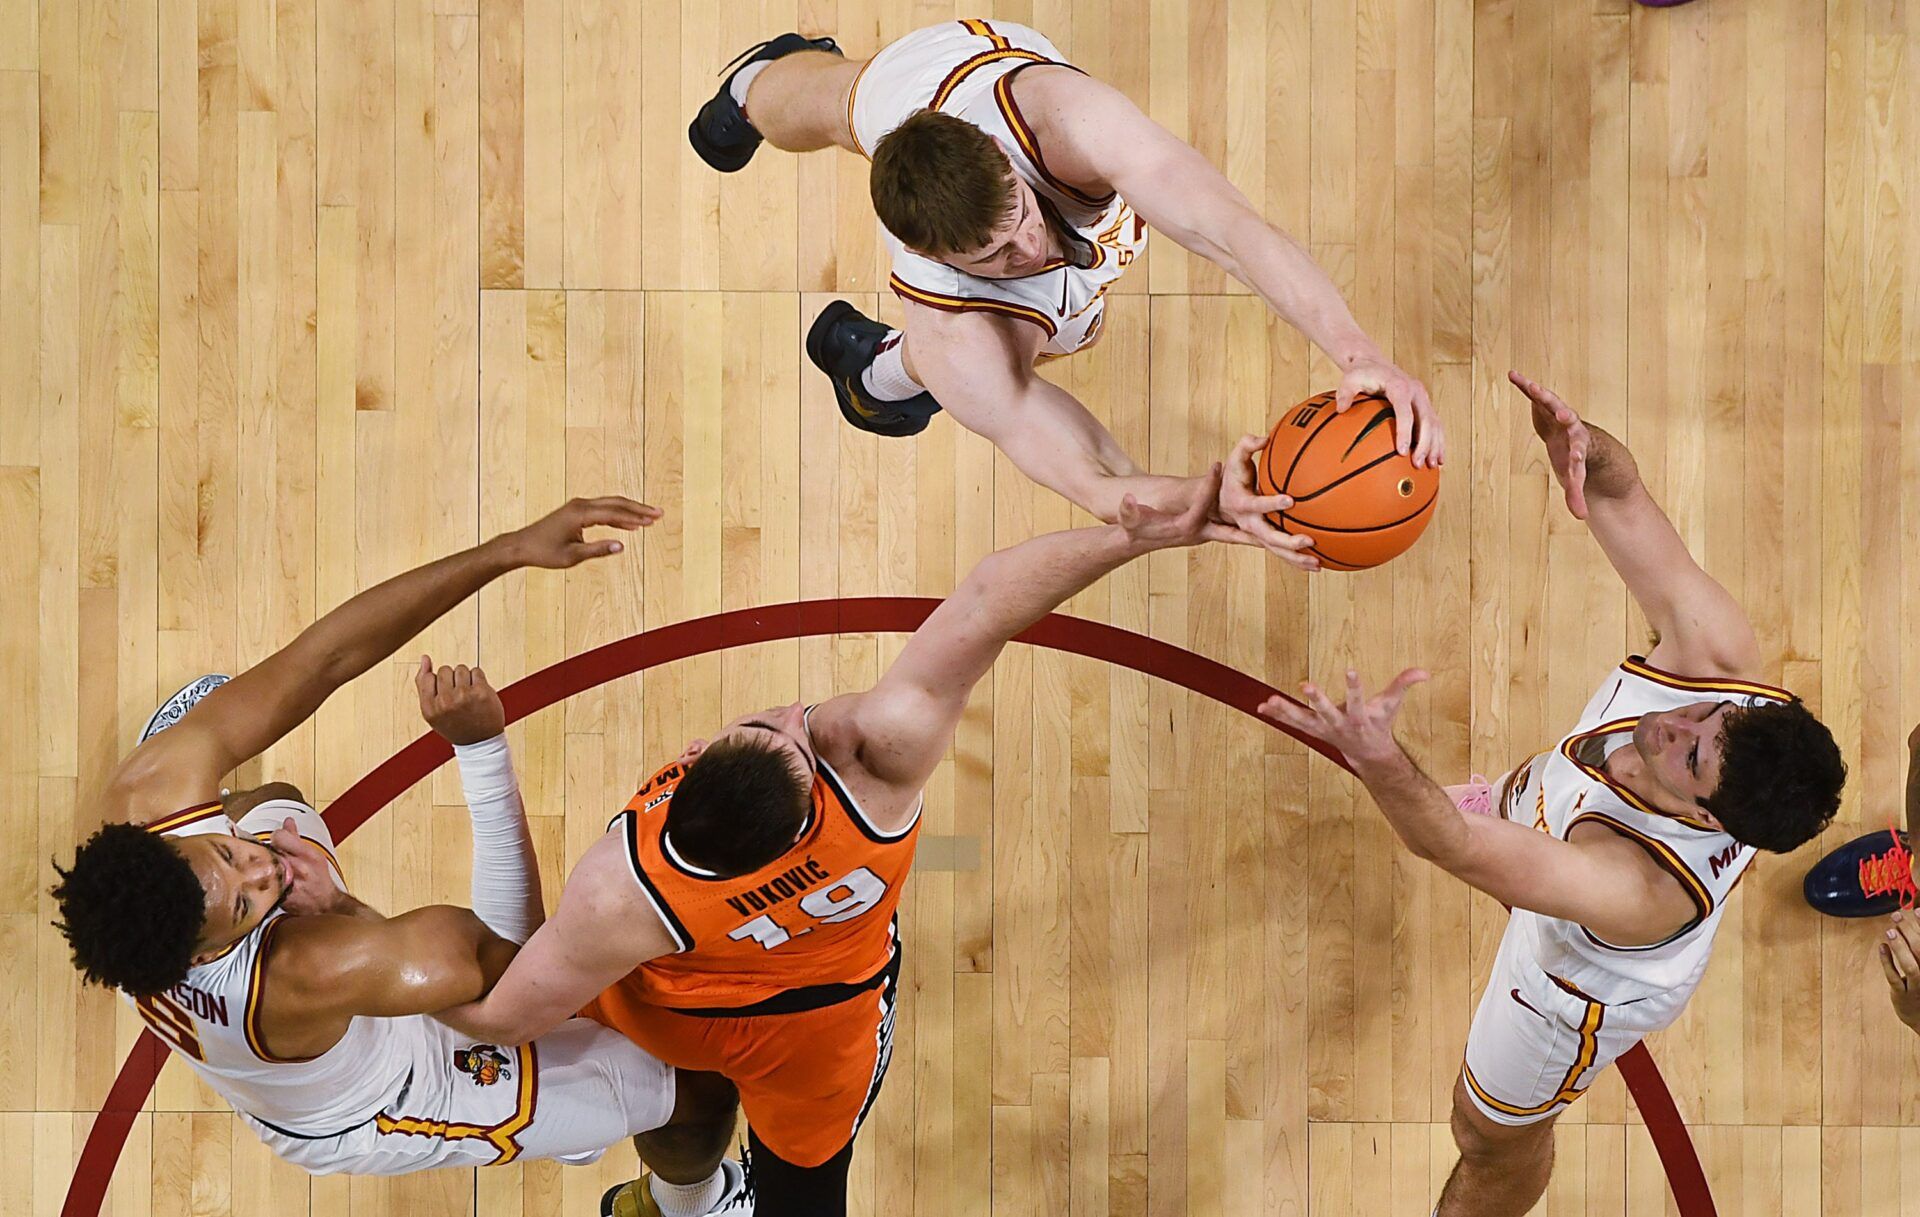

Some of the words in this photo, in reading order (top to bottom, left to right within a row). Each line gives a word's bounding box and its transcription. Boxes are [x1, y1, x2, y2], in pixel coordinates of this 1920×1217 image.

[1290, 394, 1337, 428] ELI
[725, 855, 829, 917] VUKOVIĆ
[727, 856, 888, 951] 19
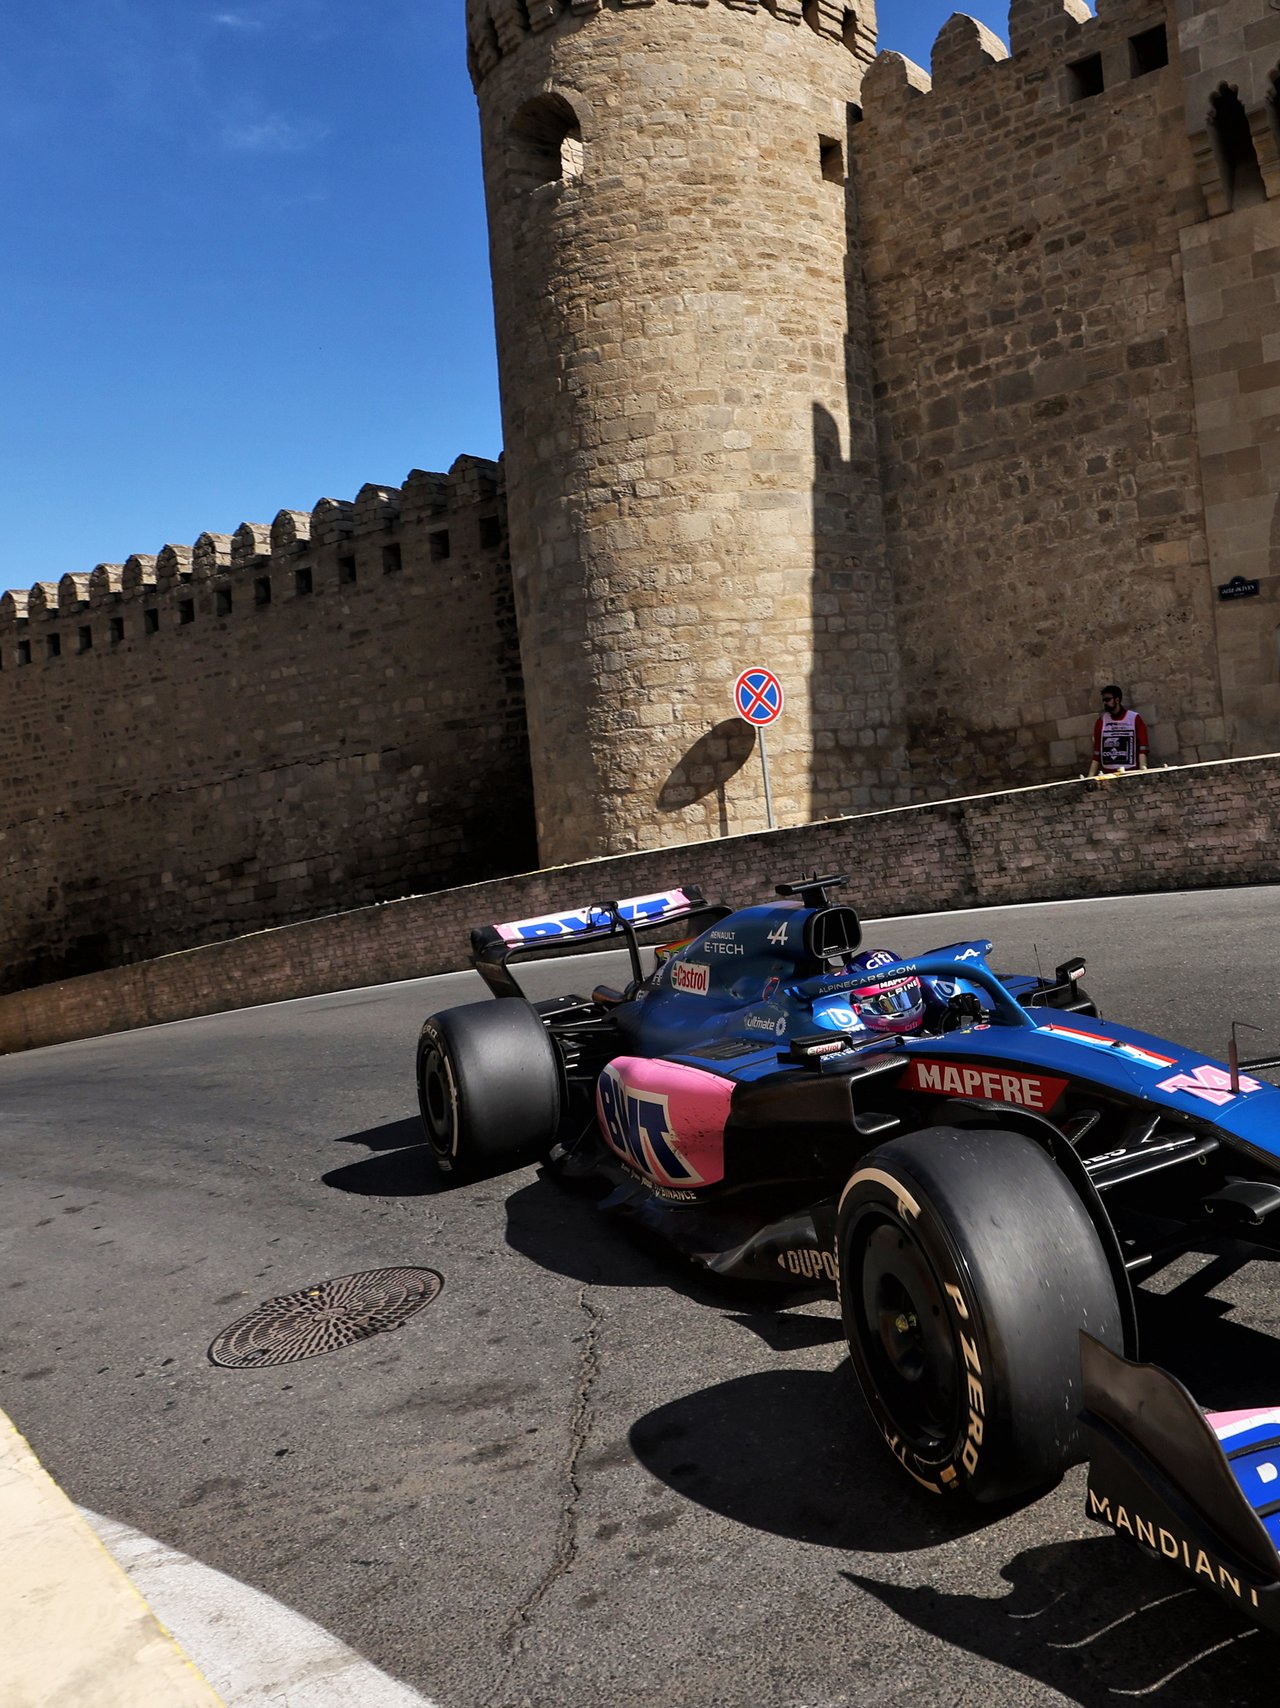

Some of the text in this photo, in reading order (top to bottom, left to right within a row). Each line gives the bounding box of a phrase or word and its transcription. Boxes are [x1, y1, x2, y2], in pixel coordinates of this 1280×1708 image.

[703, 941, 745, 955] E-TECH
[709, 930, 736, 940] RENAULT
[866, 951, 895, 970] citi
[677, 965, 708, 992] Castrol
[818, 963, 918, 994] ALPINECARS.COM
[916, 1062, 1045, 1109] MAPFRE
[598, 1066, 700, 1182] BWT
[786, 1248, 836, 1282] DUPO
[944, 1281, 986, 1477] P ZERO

About this task: Would you return the entries verbatim, minus any images?

Answer to this problem:
Some of the words in this photo, in reading order (top to bottom, left to right within a row). Each line gives a word's bounding box and its transcription. Boxes are [x1, y1, x2, y2], in pixel coordinates of this 1920×1217 image.

[1290, 394, 1337, 428] ELI
[725, 855, 829, 917] VUKOVIĆ
[727, 856, 888, 951] 19

Some of the text in this photo, in reading order (top to bottom, left to right within a row). Each line gives the bounding box of a phrase or word and its transcription. Boxes are [x1, y1, x2, y2], in pixel coordinates of this 1280×1708 image.

[703, 941, 745, 955] E-TECH
[709, 930, 736, 940] RENAULT
[866, 951, 895, 970] citi
[677, 965, 708, 992] Castrol
[818, 963, 918, 994] ALPINECARS.COM
[916, 1062, 1045, 1109] MAPFRE
[598, 1066, 700, 1182] BWT
[786, 1248, 836, 1282] DUPO
[944, 1281, 986, 1477] P ZERO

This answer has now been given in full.